The system is so slow, some attorneys have dubbed it the “Bronx Gulag.”

“It’s absolutely awful,” said veteran defense lawyer Harvey Slovis. “This doesn’t happen anywhere else in the state. It’s especially troubling because some of the people sitting in jail are innocent.”

The backlog — which has built up over eight years — has delayed justice for suspects and victims alike.

Just 206 felony cases were brought to trial in the Bronx last year — fewer than in Manhattan, Brooklyn and Queens, according to the Office of Court Administration.

Meanwhile, the average time to resolve a homicide case by trial in the Bronx has risen dramatically. In 2008, it was 733 days.
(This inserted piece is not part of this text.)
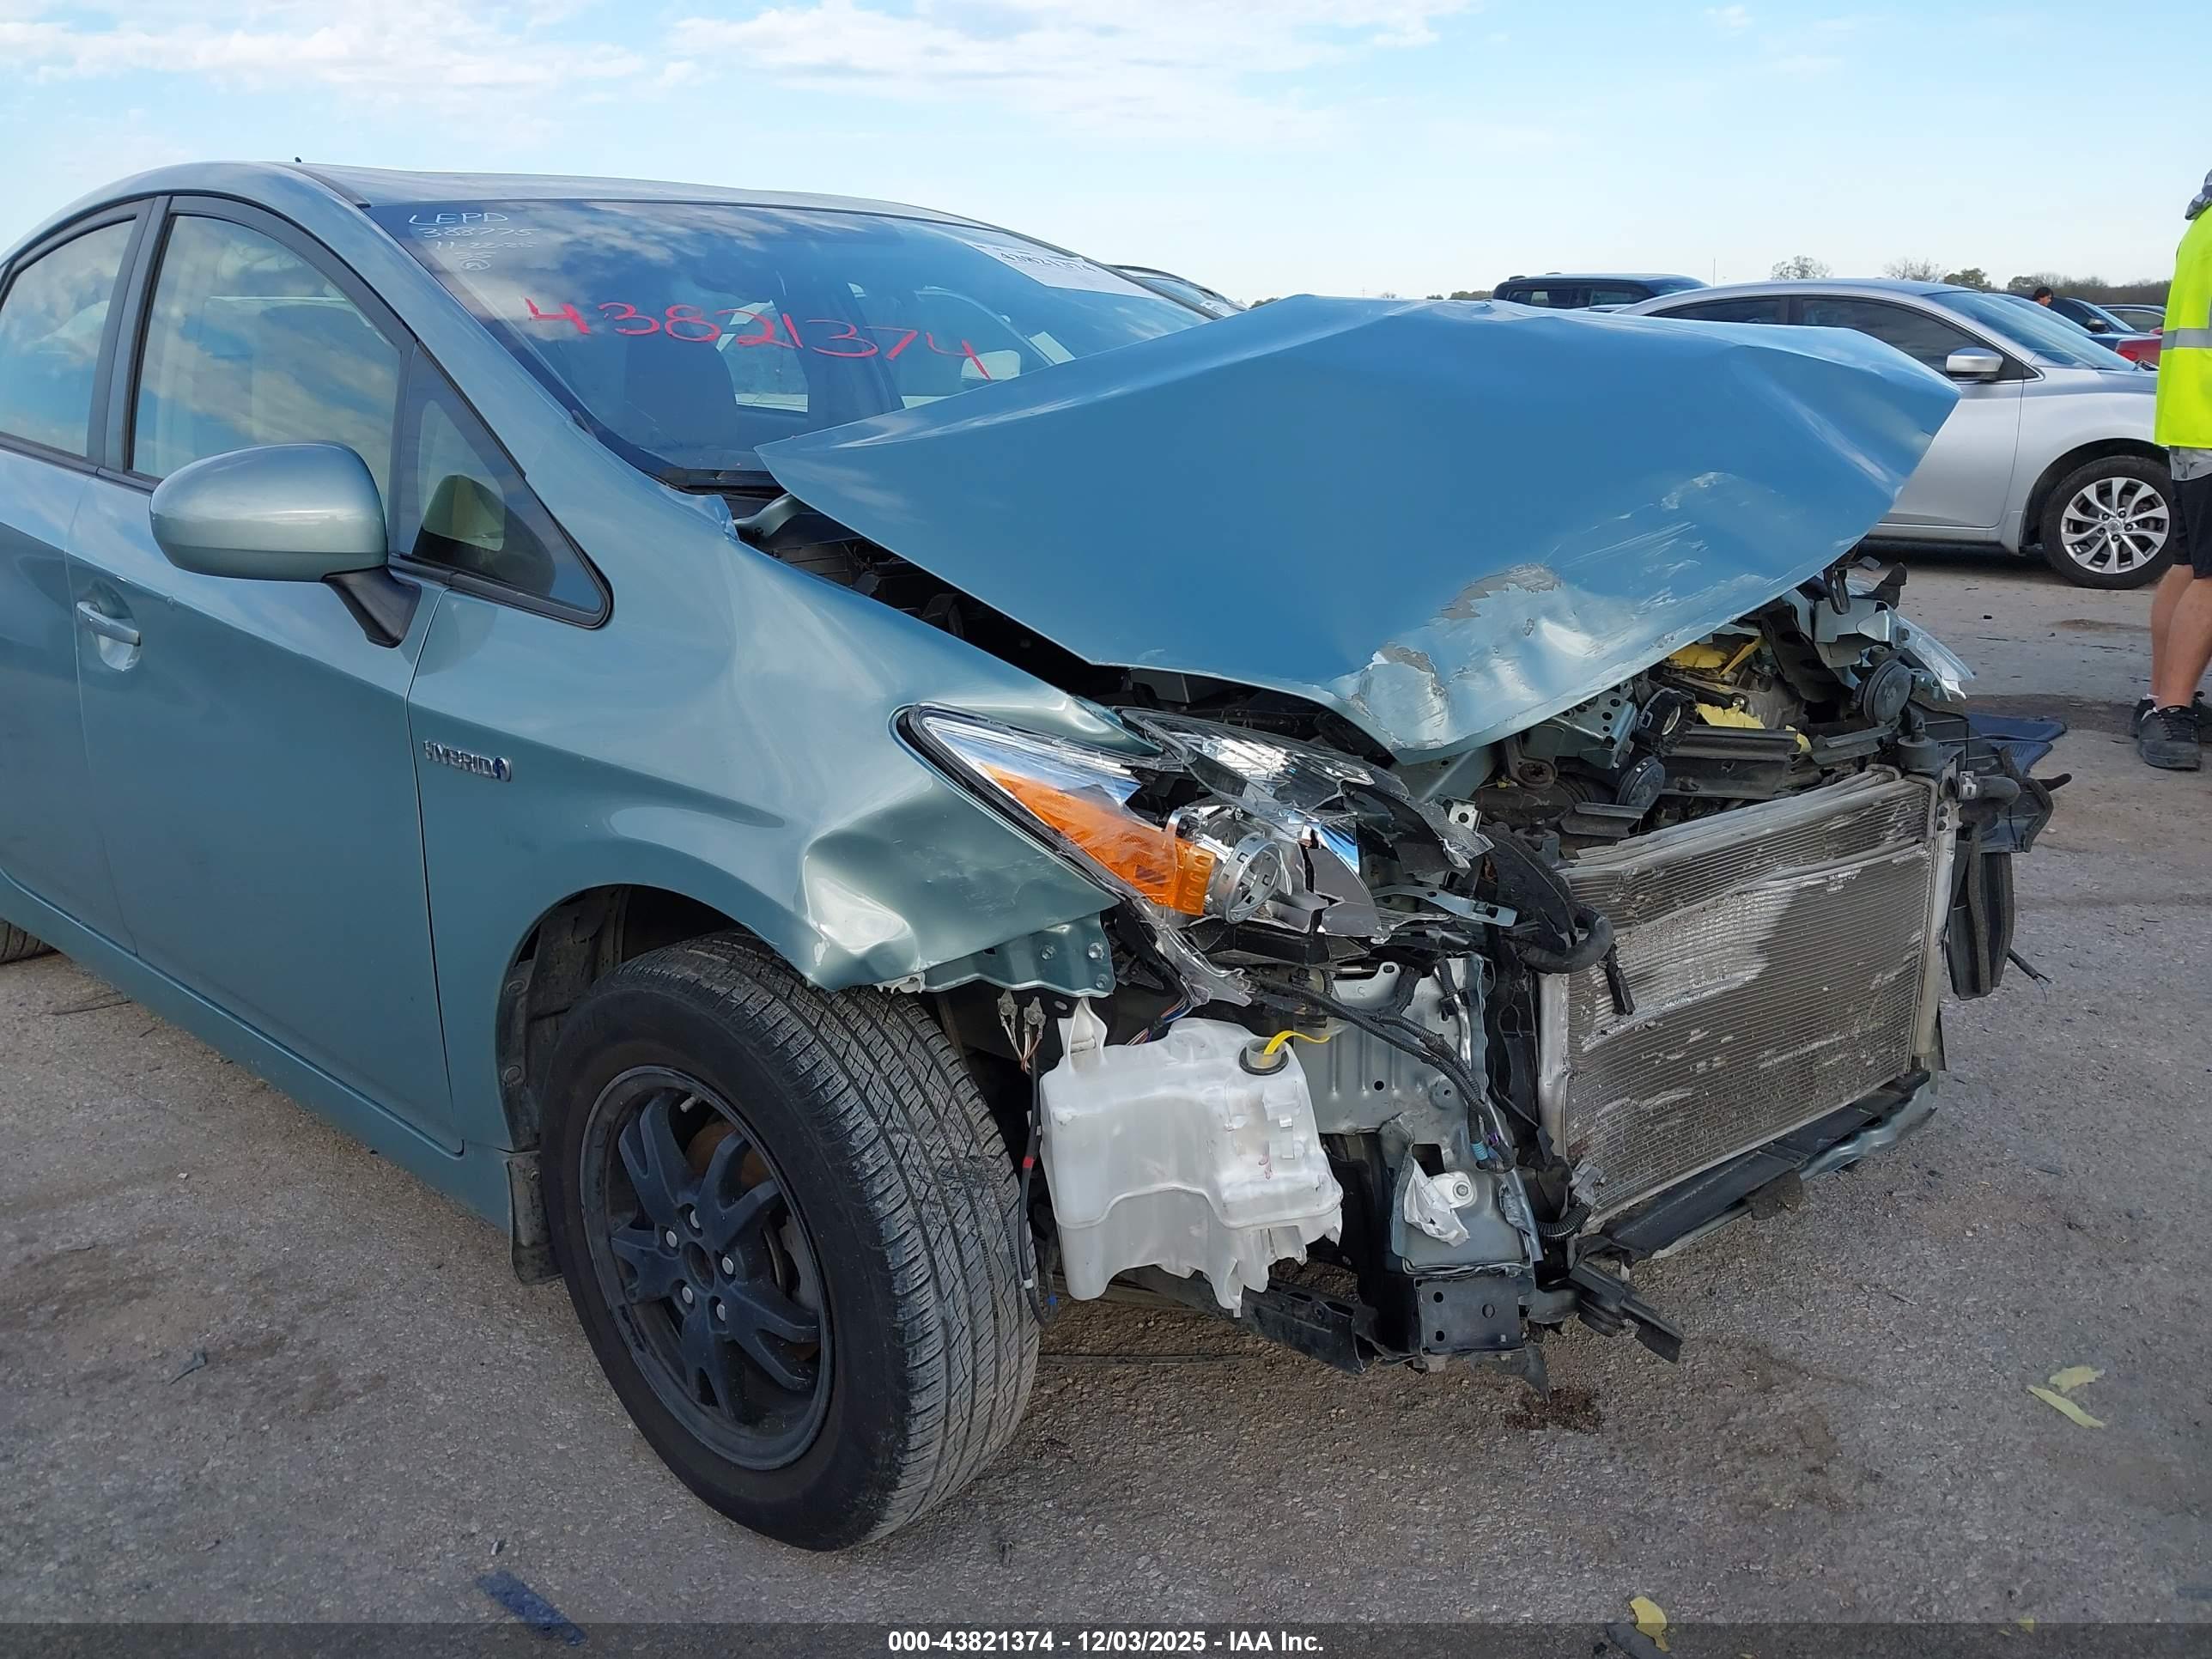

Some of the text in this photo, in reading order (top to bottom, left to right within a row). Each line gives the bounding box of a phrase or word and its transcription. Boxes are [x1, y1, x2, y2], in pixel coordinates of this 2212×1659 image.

Last year it was 988 days — longer than any other borough and the citywide average of 783 days.

More than 70 Bronx homicide suspects arrested in 2008 or earlier were still awaiting trial as of Dec. 1, court records show.

At least nine of them had been in jail — and ordered held without bail — five years or longer.

“It’s wrong to treat people this way,” said Carl Henley, 28, who was recently acquitted in a gun case after being held on Rikers Island for 21/2 years.

“They let you rot in there because so many people have cases older than yours.”

Prosecutors and defense lawyers alike pin much of the blame on the 2004 merger of the Bronx Criminal Court, which usually handles misdemeanors, and the borough’s Supreme Court, which hears felonies.

Then-state Chief Judge Judith Kaye merged the two, thinking it would relieve a backlog of misdemeanors by putting them in front of Supreme Court justices who were between trials.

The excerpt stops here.